Feature Request: Add files-recurse-limit Parameter to Control Recursive Signing

[mamogh]

I’d like to suggest adding a files-recurse-limit parameter. Since the signing service incurs costs per signature, allowing users to set a limit (e.g., 200 files) on recursive signing operations would help prevent unexpected large bills. This feature would enable better cost management by restricting the number of files processed, ensuring that signing actions remain within budget.

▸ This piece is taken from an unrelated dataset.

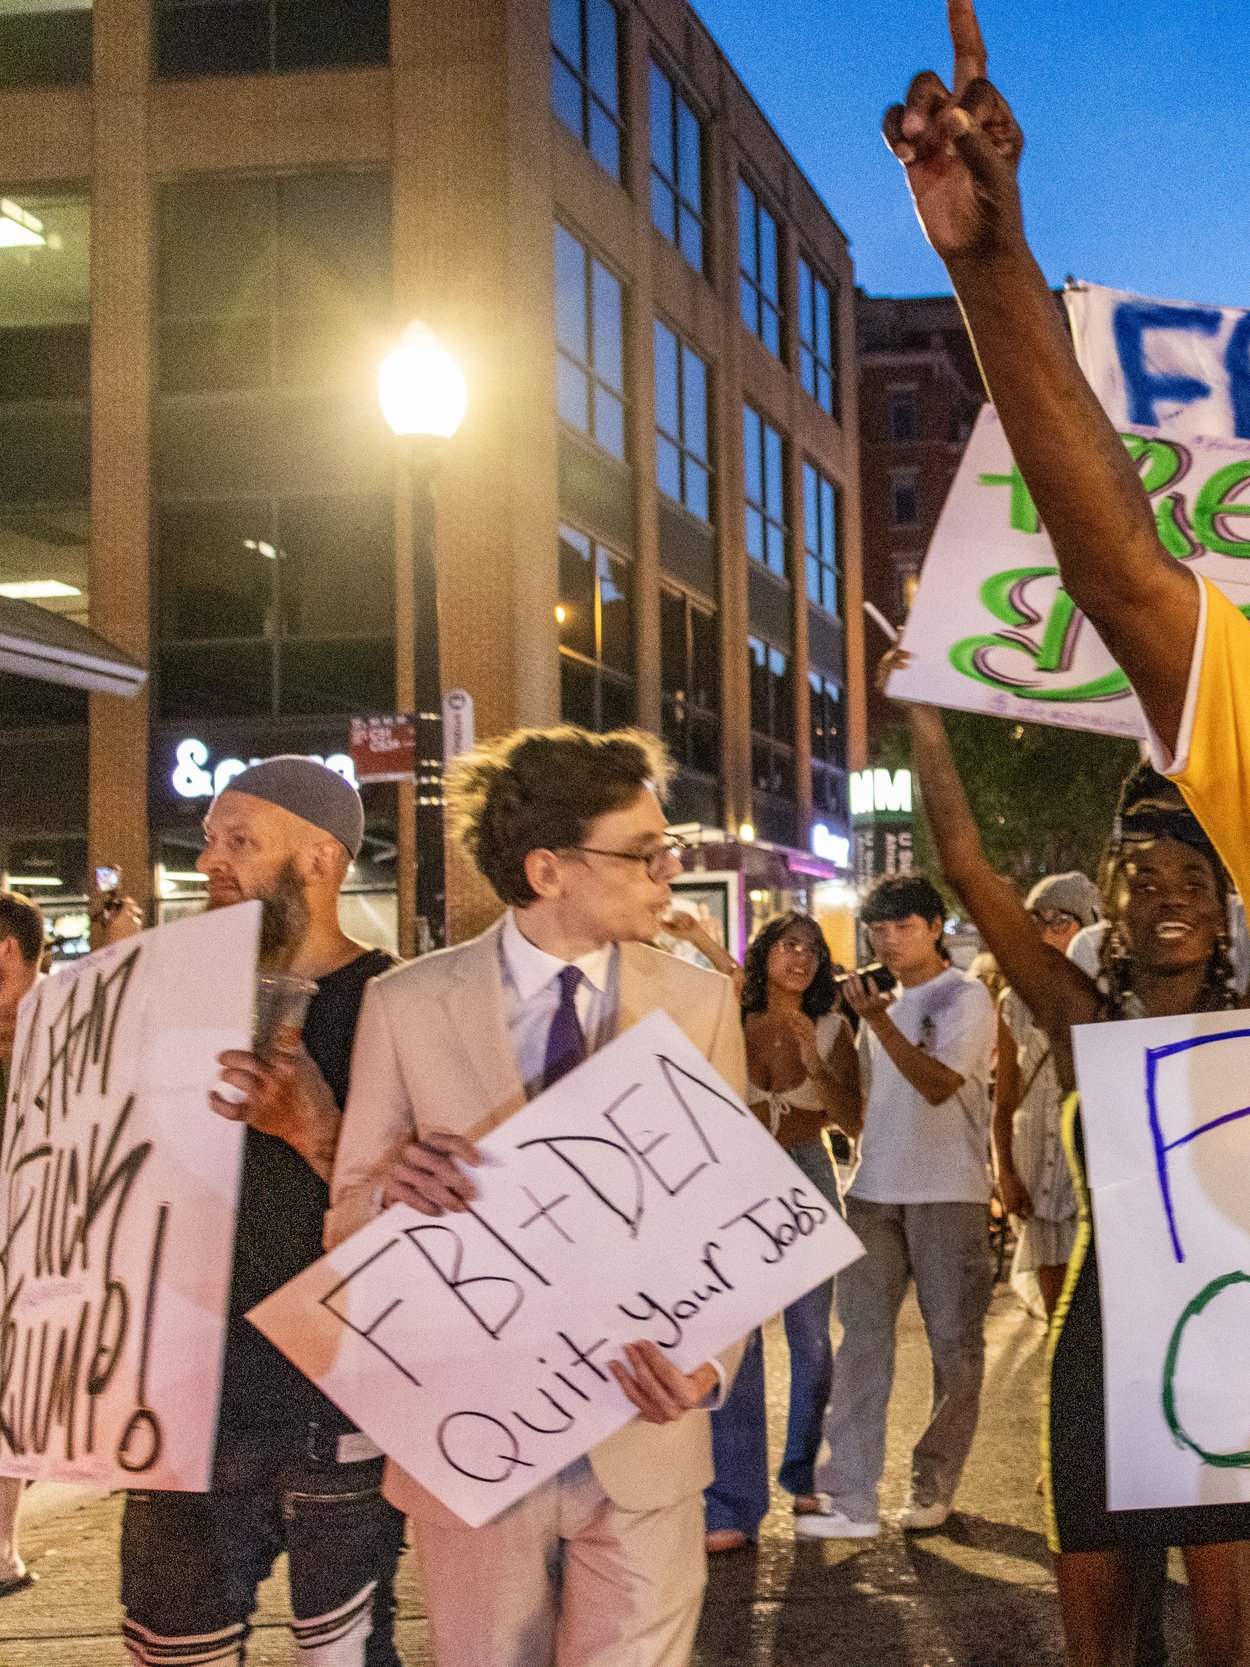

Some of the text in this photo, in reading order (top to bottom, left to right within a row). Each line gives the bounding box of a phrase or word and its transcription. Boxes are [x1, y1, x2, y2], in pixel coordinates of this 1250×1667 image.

uses: Azure/trusted-signing-action
with:
  files-recurse-limit: 200
  # or
  files-limit: 200

Maybe just a files-limit. Would be nice if i could see in the log how many signings i have used or remaining.

[japarson]

Hi @mamogh, the only issue I see with this request is that it could result in files not being signed that you want signed. I'd like to understand your perspective a little better. If you're concerned about too many files being signed, would you consider using any of the inputs available to you that allow you to specify exactly which files you want signed?

[mamogh]

Hi

I have a good estimate of my file count, and having a files-recurse-limit would help prevent accidentally signing thousands of files due to misconfiguration. Logging any skipped files is sufficient for my needs, and monitoring Azure usage can be quite complex. This limit would help me manage costs effectively without having to specify each file individually.

Thanks for considering this feature!